Friday, September 24, 2010

"The Wish Giver" by Bill Brittian

Brittian, Bill (1983). The Wish Giver: Three Tales of Coven Tree. New York, NY: HarperCollins Publishers, Inc.

Challenged Book


Old Stewart Meade, whose nickname is "Stew Meat," introduces the reader to the strange Thaddeus Blinn, a man who once visited the New England town of Coven Tree in a carnival tent claiming to grant any wish for a mere fifty cents. That is the one and only appearance Blinn makes in the story, but the havoc he leaves behind lasts the entire book!

Young Polly, Rowena, and Adam were in the tent that fateful night with Stew. They each give their money to Blinn and receive a card with a red spot on it, for only 50 cents each. All they have to do is touch the spot with their thumb and make the wish. It seems simple enough...
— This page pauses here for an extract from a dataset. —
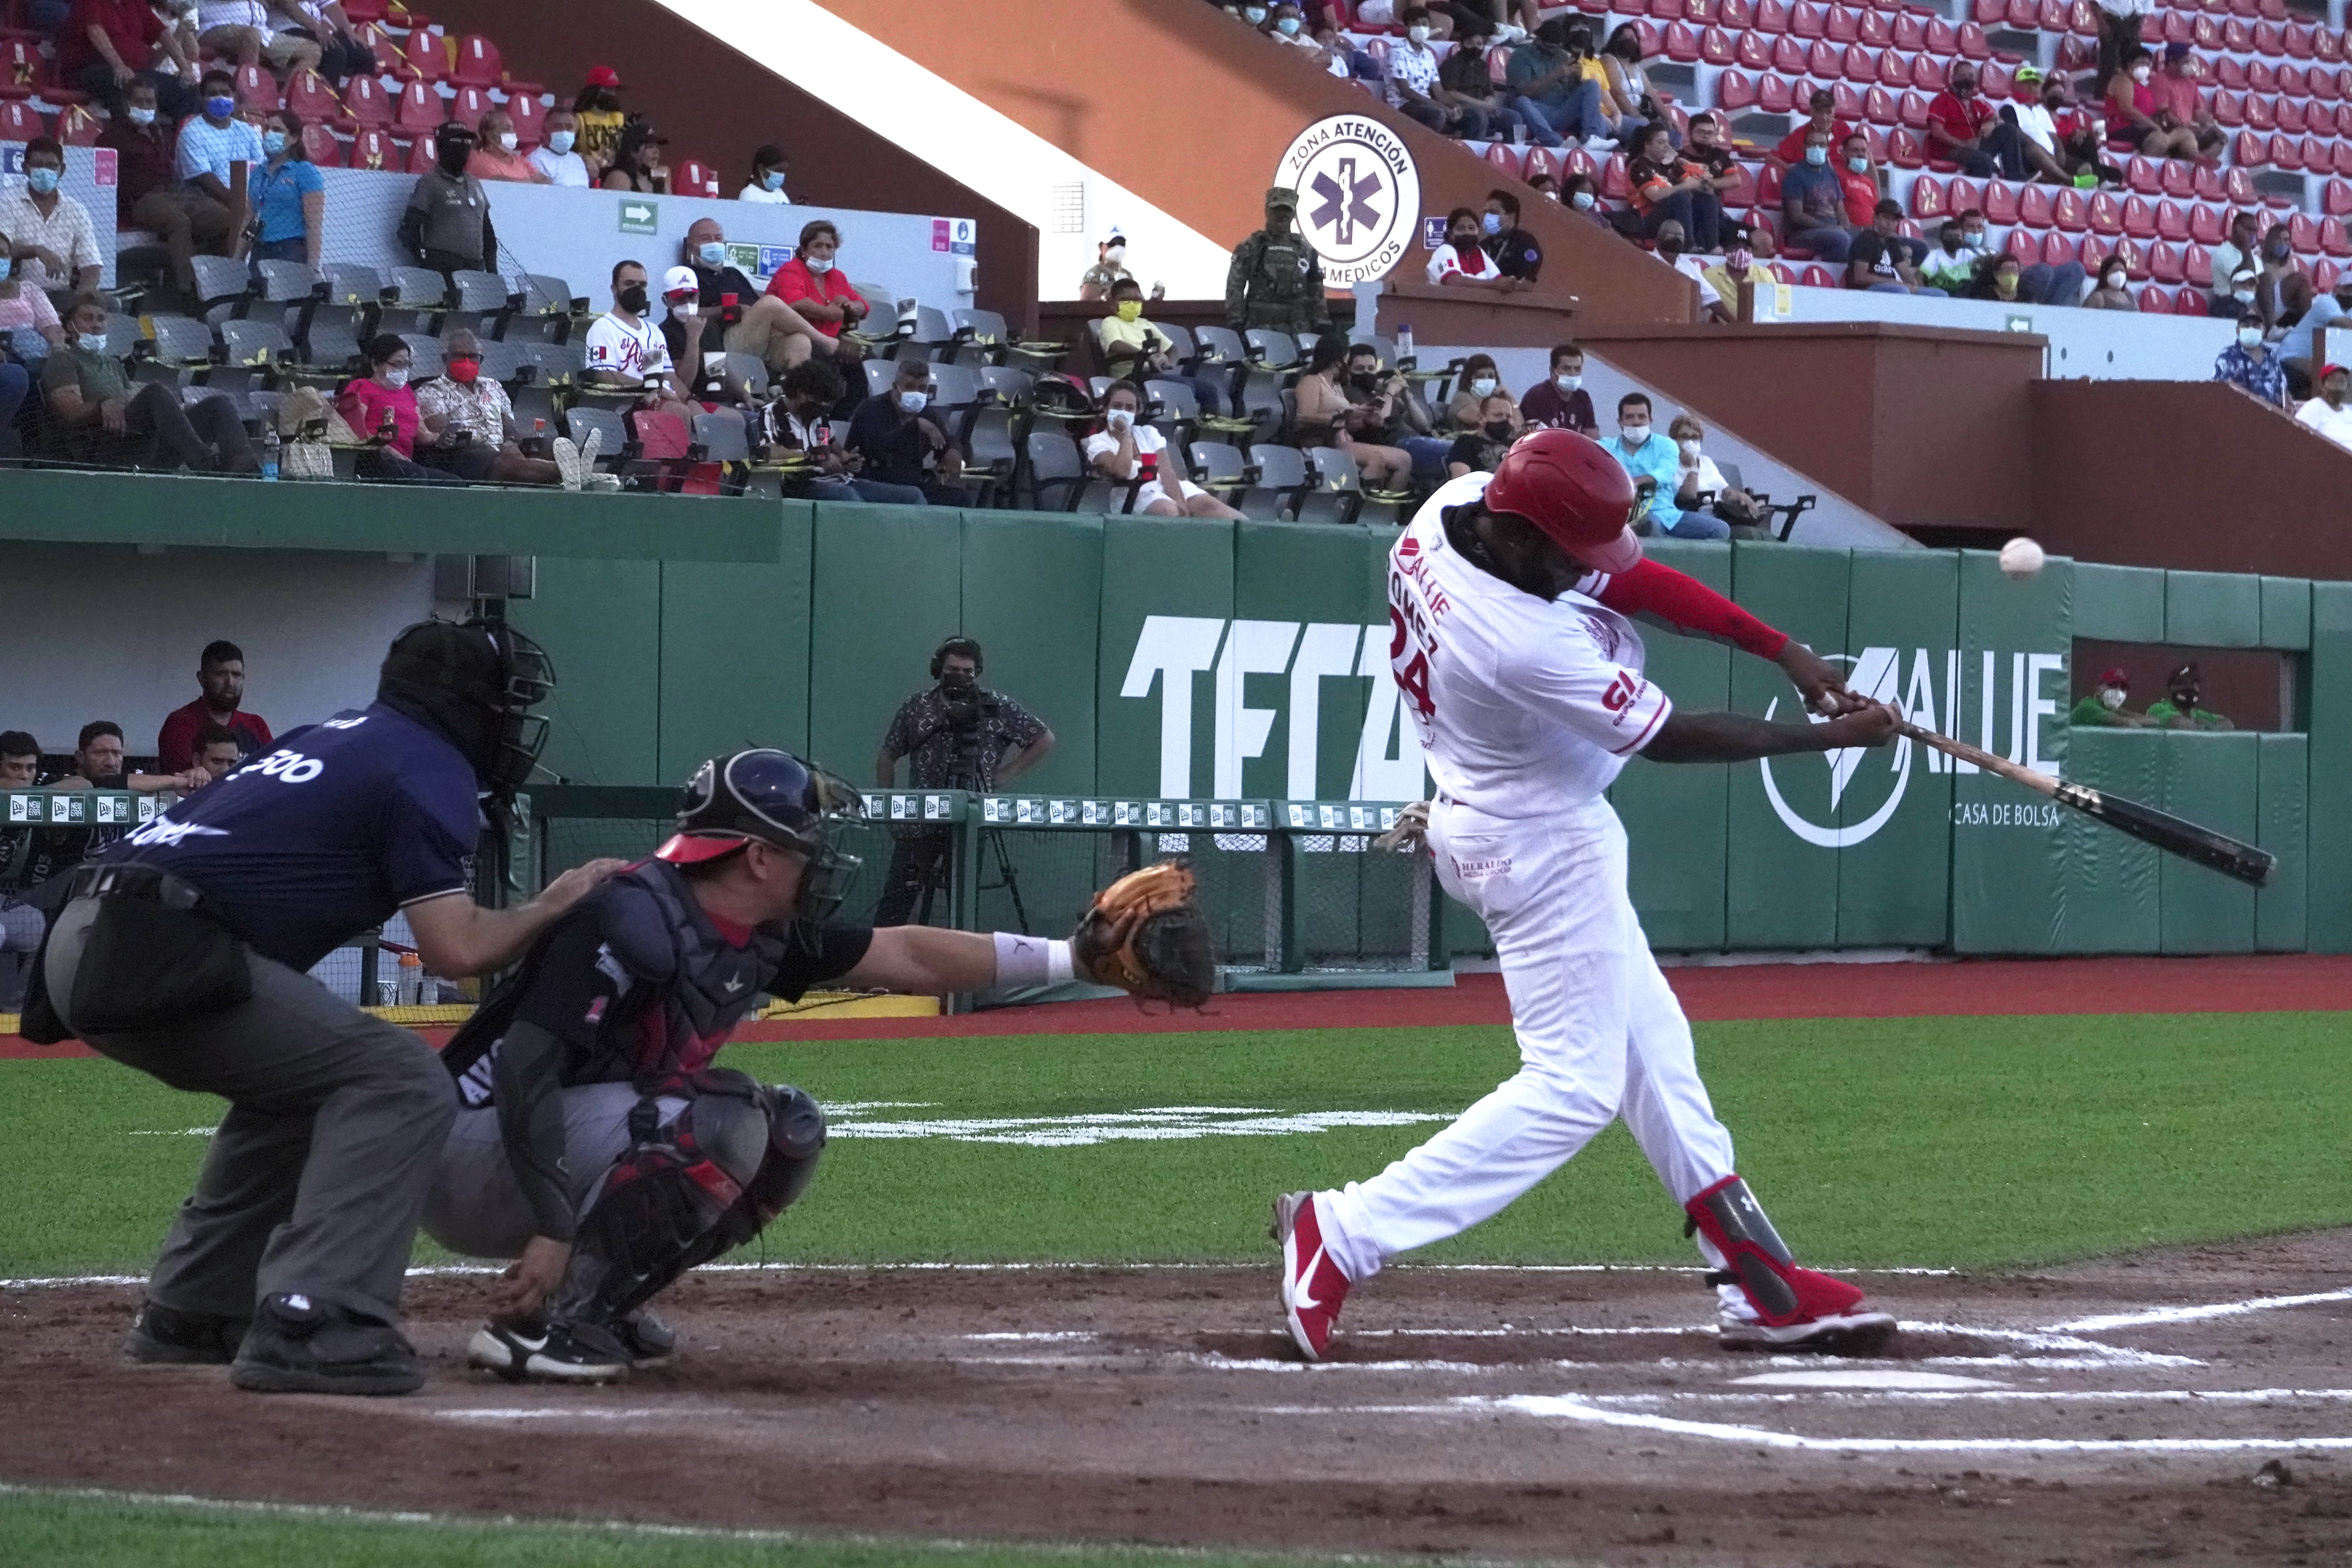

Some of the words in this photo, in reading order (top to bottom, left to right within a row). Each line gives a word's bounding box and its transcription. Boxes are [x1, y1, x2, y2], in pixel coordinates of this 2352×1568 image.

Polly, who constantly speaks her mind and offends many around her makes her wish with some other specific words to be popular, and those words come to be true exactly as she asks for them! Rowena wants the traveling salesman who visits twice a year and whom she she secretly adores to plant roots in Coven Tree - and he does! And Adam wishes his father's extreme drought problem to be solved by wishing for water and enough of it to spare, so he receives so much water in his father's farm that there is plenty to spare indeed!

When Polly, Rowena, and Adam are at their wits end, they come to their senses for a time and realize that Stew Meat also received a card! They all run to Stew's convenience store and the three clamor for Stew to make a wish to take away their unique problems. Stew's wish sure brings sanity back, but none of the four are left the same at all. Actually, the change is not too bad! Maybe the wishes did them all some good!

Several interesting illustrations by Andrew Glass add a touch of cartoon-ish effect to the already humorous stories and Brittain's four-plots-in-one are so interestingly and masterfully intertwined! The cover is even more humorous once one reads the book! Take a look at Stew again when you finish reading!